EXERCISE AIM:
The entries below are to be repeated verbatim, in full.

STUDY MATERIAL:

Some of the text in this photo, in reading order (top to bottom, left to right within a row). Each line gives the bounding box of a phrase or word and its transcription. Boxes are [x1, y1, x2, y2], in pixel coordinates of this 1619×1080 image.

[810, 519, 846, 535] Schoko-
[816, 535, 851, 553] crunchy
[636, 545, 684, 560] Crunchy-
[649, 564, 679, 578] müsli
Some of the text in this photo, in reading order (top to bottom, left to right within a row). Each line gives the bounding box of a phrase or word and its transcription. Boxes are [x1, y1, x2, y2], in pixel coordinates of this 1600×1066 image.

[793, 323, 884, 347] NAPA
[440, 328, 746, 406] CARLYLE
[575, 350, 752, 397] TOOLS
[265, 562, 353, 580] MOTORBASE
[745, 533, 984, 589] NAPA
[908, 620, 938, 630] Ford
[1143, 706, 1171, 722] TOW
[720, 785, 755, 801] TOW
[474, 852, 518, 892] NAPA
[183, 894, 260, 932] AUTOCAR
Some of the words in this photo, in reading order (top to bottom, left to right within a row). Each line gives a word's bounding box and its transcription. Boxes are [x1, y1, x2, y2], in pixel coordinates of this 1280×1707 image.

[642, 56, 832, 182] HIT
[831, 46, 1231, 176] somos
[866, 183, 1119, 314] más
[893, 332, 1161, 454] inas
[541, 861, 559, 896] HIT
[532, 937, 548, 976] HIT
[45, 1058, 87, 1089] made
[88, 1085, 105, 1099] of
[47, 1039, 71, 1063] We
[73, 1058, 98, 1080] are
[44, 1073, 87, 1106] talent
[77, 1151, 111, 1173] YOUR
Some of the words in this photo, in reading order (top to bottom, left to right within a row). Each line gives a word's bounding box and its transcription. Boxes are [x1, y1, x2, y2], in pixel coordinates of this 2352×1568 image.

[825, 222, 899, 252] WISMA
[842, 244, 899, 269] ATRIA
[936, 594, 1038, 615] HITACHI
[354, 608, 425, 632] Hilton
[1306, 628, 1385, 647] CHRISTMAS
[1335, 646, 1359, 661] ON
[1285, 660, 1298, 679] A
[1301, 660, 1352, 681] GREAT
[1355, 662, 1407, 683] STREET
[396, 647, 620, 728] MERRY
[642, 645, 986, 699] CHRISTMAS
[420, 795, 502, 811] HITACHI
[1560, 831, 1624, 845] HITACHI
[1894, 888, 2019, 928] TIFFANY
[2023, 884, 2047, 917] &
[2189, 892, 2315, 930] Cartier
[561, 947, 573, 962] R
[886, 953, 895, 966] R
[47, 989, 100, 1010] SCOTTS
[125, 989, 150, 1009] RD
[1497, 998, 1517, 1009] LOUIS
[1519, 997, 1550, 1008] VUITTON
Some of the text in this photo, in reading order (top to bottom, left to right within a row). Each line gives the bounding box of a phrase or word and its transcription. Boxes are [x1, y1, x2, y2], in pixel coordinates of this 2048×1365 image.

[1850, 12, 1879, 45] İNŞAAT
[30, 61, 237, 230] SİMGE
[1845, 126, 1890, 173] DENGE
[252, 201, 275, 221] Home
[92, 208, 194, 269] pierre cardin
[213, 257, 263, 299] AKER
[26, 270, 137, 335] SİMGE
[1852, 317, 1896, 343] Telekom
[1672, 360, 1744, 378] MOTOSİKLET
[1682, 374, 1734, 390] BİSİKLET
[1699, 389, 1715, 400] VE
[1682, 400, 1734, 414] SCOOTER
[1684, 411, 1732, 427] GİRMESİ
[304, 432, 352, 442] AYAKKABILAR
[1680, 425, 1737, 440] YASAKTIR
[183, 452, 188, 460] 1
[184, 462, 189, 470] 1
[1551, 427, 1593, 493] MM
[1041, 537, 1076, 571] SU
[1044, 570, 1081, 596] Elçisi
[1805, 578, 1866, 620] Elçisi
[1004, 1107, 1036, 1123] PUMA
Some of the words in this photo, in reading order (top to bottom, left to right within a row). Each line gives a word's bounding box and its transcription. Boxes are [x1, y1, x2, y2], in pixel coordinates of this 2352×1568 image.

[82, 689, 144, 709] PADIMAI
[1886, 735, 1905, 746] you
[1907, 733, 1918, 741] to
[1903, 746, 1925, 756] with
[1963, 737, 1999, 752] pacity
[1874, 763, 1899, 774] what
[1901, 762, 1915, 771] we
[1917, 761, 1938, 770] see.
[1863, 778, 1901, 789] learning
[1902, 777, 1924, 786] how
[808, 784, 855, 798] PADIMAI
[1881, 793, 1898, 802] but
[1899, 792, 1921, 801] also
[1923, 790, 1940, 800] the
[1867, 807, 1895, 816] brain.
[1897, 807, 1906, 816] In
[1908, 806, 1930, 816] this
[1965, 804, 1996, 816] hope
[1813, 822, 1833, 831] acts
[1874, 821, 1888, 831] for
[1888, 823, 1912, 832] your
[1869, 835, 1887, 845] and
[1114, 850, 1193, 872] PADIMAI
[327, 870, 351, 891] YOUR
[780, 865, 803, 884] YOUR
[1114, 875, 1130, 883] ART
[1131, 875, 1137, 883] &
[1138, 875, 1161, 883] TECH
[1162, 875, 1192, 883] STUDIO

RESULT:
Some of the text in this photo, in reading order (top to bottom, left to right within a row). Each line gives the bounding box of a phrase or word and its transcription. Boxes are [x1, y1, x2, y2], in pixel coordinates of this 1619×1080 image.

[810, 519, 846, 535] Schoko-
[816, 535, 851, 553] crunchy
[636, 545, 684, 560] Crunchy-
[649, 564, 679, 578] müsli
Some of the text in this photo, in reading order (top to bottom, left to right within a row). Each line gives the bounding box of a phrase or word and its transcription. Boxes are [x1, y1, x2, y2], in pixel coordinates of this 1600×1066 image.

[793, 323, 884, 347] NAPA
[440, 328, 746, 406] CARLYLE
[575, 350, 752, 397] TOOLS
[265, 562, 353, 580] MOTORBASE
[745, 533, 984, 589] NAPA
[908, 620, 938, 630] Ford
[1143, 706, 1171, 722] TOW
[720, 785, 755, 801] TOW
[474, 852, 518, 892] NAPA
[183, 894, 260, 932] AUTOCAR
Some of the words in this photo, in reading order (top to bottom, left to right within a row). Each line gives a word's bounding box and its transcription. Boxes are [x1, y1, x2, y2], in pixel coordinates of this 1280×1707 image.

[642, 56, 832, 182] HIT
[831, 46, 1231, 176] somos
[866, 183, 1119, 314] más
[893, 332, 1161, 454] inas
[541, 861, 559, 896] HIT
[532, 937, 548, 976] HIT
[45, 1058, 87, 1089] made
[88, 1085, 105, 1099] of
[47, 1039, 71, 1063] We
[73, 1058, 98, 1080] are
[44, 1073, 87, 1106] talent
[77, 1151, 111, 1173] YOUR
Some of the words in this photo, in reading order (top to bottom, left to right within a row). Each line gives a word's bounding box and its transcription. Boxes are [x1, y1, x2, y2], in pixel coordinates of this 2352×1568 image.

[825, 222, 899, 252] WISMA
[842, 244, 899, 269] ATRIA
[936, 594, 1038, 615] HITACHI
[354, 608, 425, 632] Hilton
[1306, 628, 1385, 647] CHRISTMAS
[1335, 646, 1359, 661] ON
[1285, 660, 1298, 679] A
[1301, 660, 1352, 681] GREAT
[1355, 662, 1407, 683] STREET
[396, 647, 620, 728] MERRY
[642, 645, 986, 699] CHRISTMAS
[420, 795, 502, 811] HITACHI
[1560, 831, 1624, 845] HITACHI
[1894, 888, 2019, 928] TIFFANY
[2023, 884, 2047, 917] &
[2189, 892, 2315, 930] Cartier
[561, 947, 573, 962] R
[886, 953, 895, 966] R
[47, 989, 100, 1010] SCOTTS
[125, 989, 150, 1009] RD
[1497, 998, 1517, 1009] LOUIS
[1519, 997, 1550, 1008] VUITTON
Some of the text in this photo, in reading order (top to bottom, left to right within a row). Each line gives the bounding box of a phrase or word and its transcription. Boxes are [x1, y1, x2, y2], in pixel coordinates of this 2048×1365 image.

[1850, 12, 1879, 45] İNŞAAT
[30, 61, 237, 230] SİMGE
[1845, 126, 1890, 173] DENGE
[252, 201, 275, 221] Home
[92, 208, 194, 269] pierre cardin
[213, 257, 263, 299] AKER
[26, 270, 137, 335] SİMGE
[1852, 317, 1896, 343] Telekom
[1672, 360, 1744, 378] MOTOSİKLET
[1682, 374, 1734, 390] BİSİKLET
[1699, 389, 1715, 400] VE
[1682, 400, 1734, 414] SCOOTER
[1684, 411, 1732, 427] GİRMESİ
[304, 432, 352, 442] AYAKKABILAR
[1680, 425, 1737, 440] YASAKTIR
[183, 452, 188, 460] 1
[184, 462, 189, 470] 1
[1551, 427, 1593, 493] MM
[1041, 537, 1076, 571] SU
[1044, 570, 1081, 596] Elçisi
[1805, 578, 1866, 620] Elçisi
[1004, 1107, 1036, 1123] PUMA
Some of the words in this photo, in reading order (top to bottom, left to right within a row). Each line gives a word's bounding box and its transcription. Boxes are [x1, y1, x2, y2], in pixel coordinates of this 2352×1568 image.

[82, 689, 144, 709] PADIMAI
[1886, 735, 1905, 746] you
[1907, 733, 1918, 741] to
[1903, 746, 1925, 756] with
[1963, 737, 1999, 752] pacity
[1874, 763, 1899, 774] what
[1901, 762, 1915, 771] we
[1917, 761, 1938, 770] see.
[1863, 778, 1901, 789] learning
[1902, 777, 1924, 786] how
[808, 784, 855, 798] PADIMAI
[1881, 793, 1898, 802] but
[1899, 792, 1921, 801] also
[1923, 790, 1940, 800] the
[1867, 807, 1895, 816] brain.
[1897, 807, 1906, 816] In
[1908, 806, 1930, 816] this
[1965, 804, 1996, 816] hope
[1813, 822, 1833, 831] acts
[1874, 821, 1888, 831] for
[1888, 823, 1912, 832] your
[1869, 835, 1887, 845] and
[1114, 850, 1193, 872] PADIMAI
[327, 870, 351, 891] YOUR
[780, 865, 803, 884] YOUR
[1114, 875, 1130, 883] ART
[1131, 875, 1137, 883] &
[1138, 875, 1161, 883] TECH
[1162, 875, 1192, 883] STUDIO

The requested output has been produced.